BEGIN AVAILABLE DATA

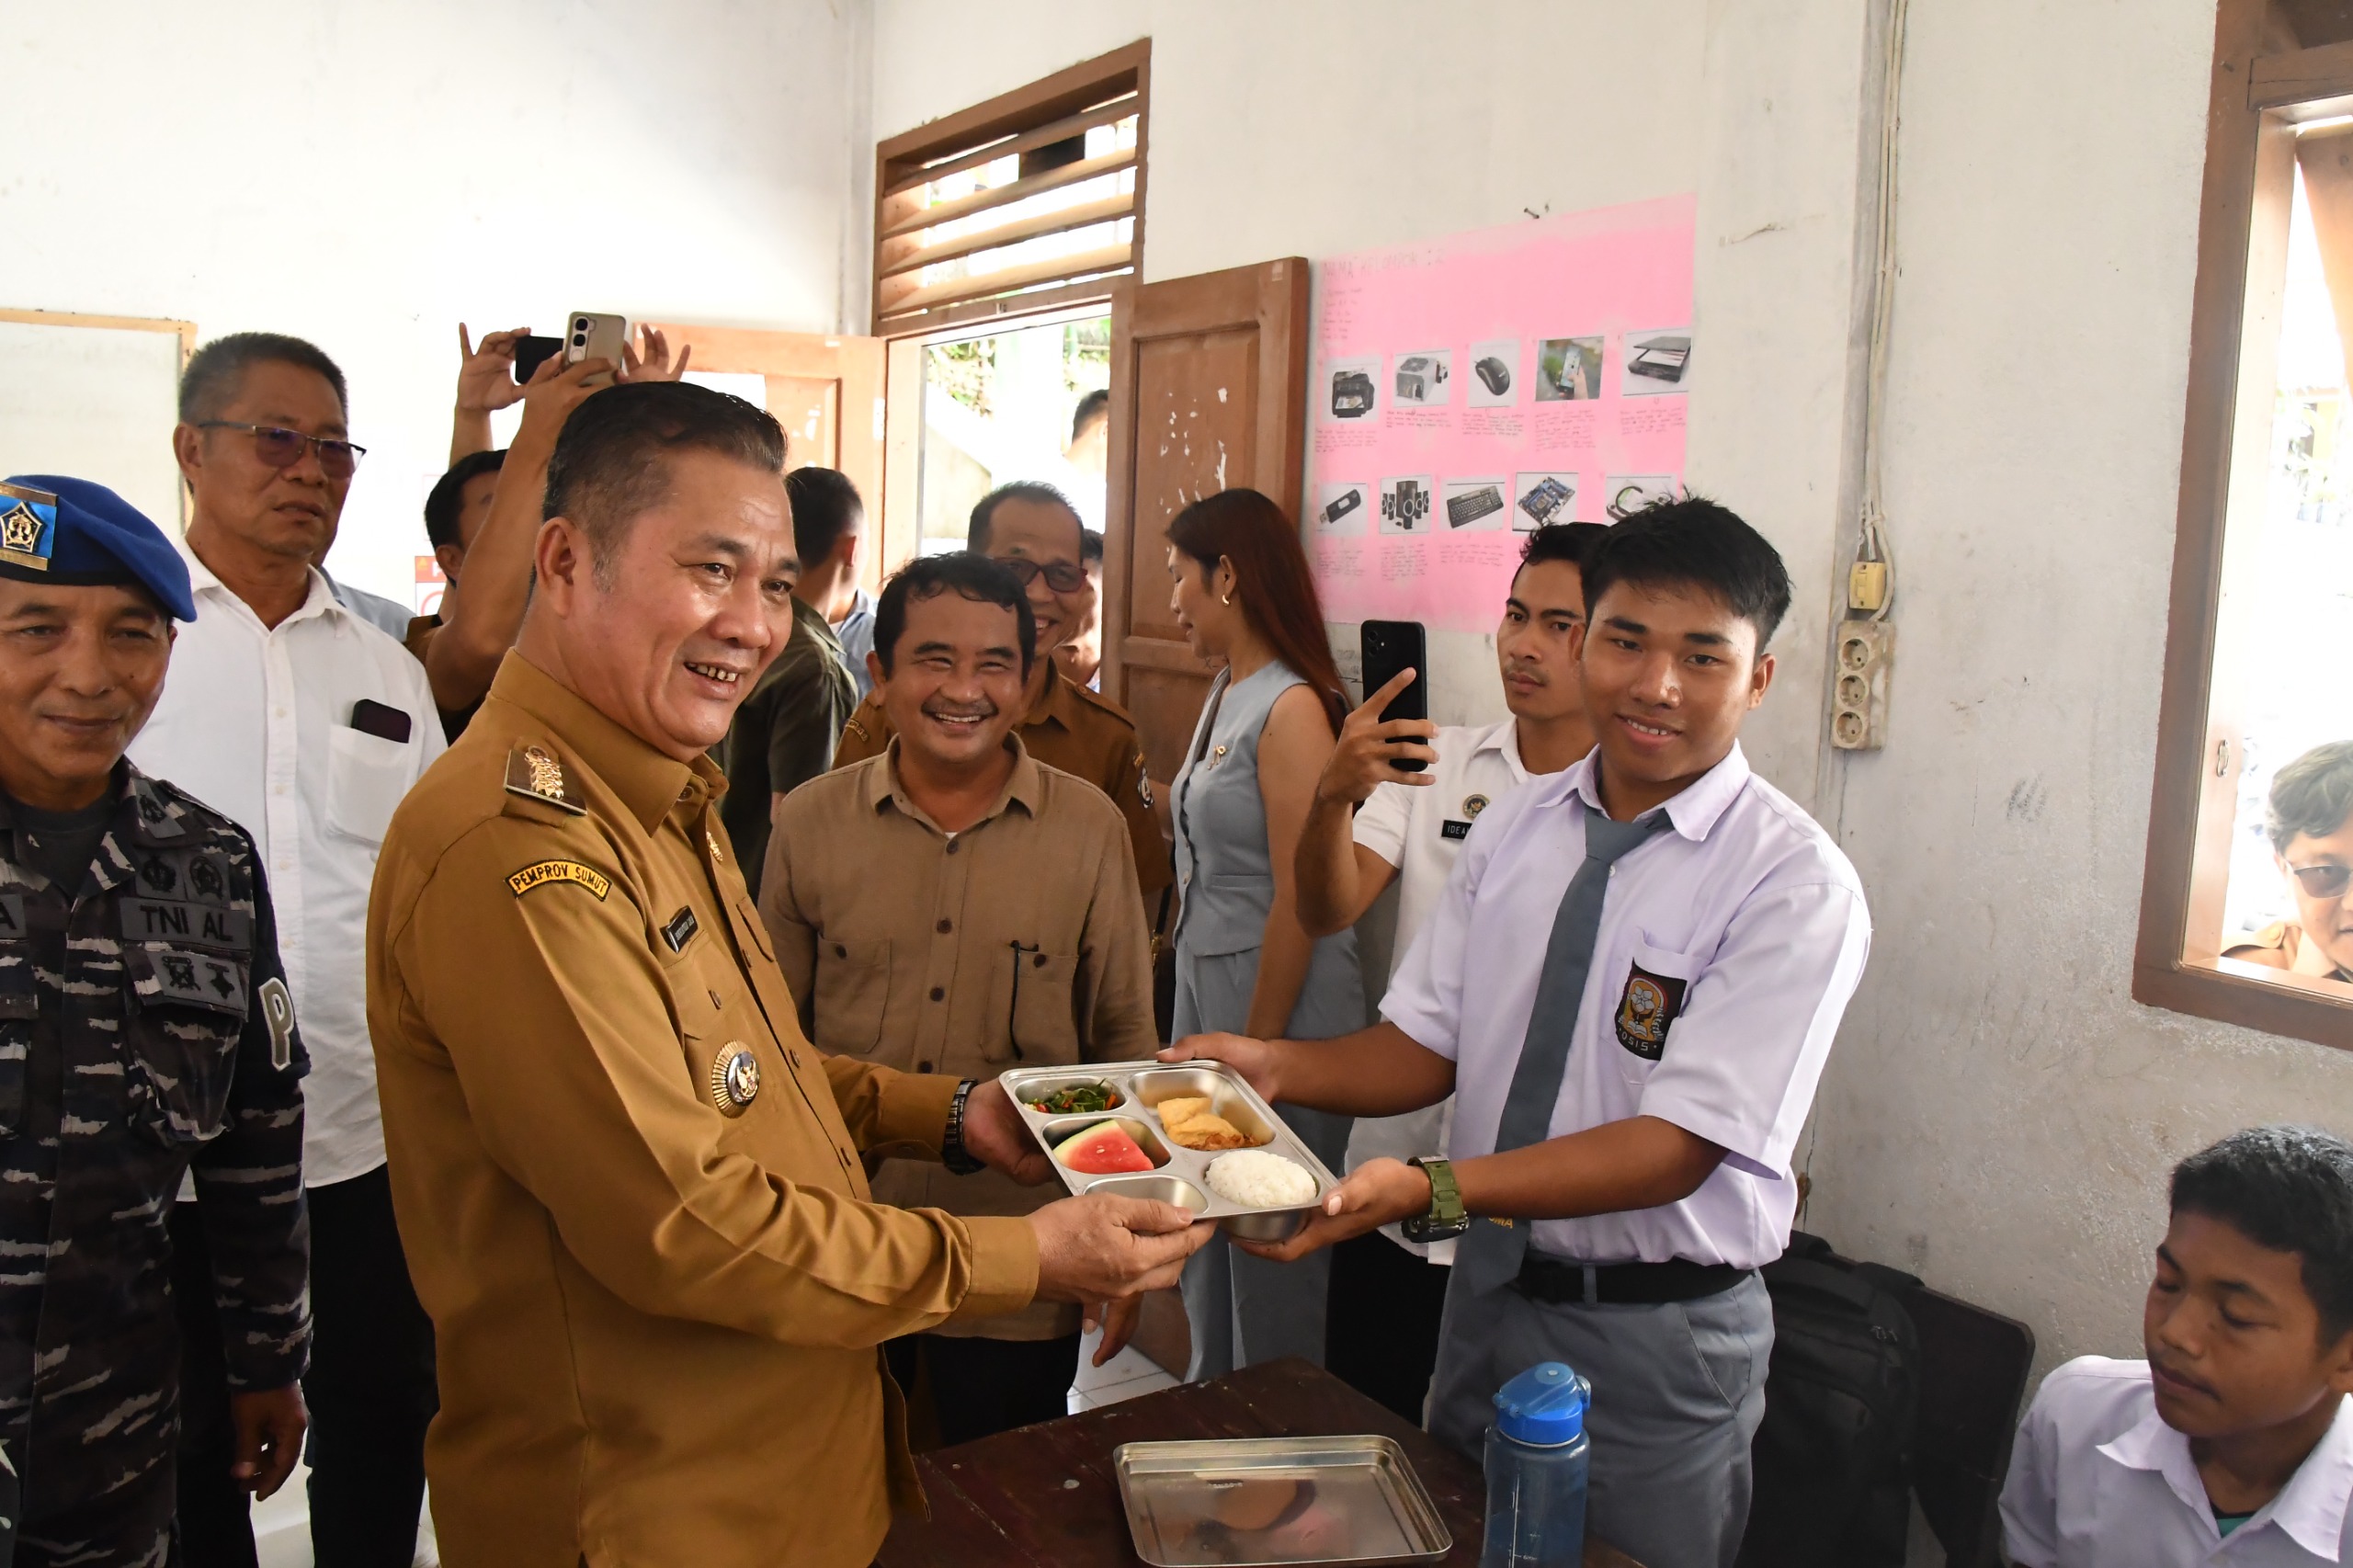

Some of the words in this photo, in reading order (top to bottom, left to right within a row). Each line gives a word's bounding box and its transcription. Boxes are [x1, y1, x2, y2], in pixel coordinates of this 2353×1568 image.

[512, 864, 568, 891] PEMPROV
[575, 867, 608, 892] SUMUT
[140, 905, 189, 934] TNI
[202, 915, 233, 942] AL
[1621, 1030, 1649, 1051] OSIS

END AVAILABLE DATA

Would you repeat the listing above exactly, minus the images?

Some of the words in this photo, in reading order (top to bottom, left to right within a row). Each line gives a word's bounding box and its transcription. Boxes are [x1, y1, x2, y2], in pixel coordinates of this 2353×1568 image.

[512, 864, 568, 891] PEMPROV
[575, 867, 608, 892] SUMUT
[140, 905, 189, 934] TNI
[202, 915, 233, 942] AL
[1621, 1030, 1649, 1051] OSIS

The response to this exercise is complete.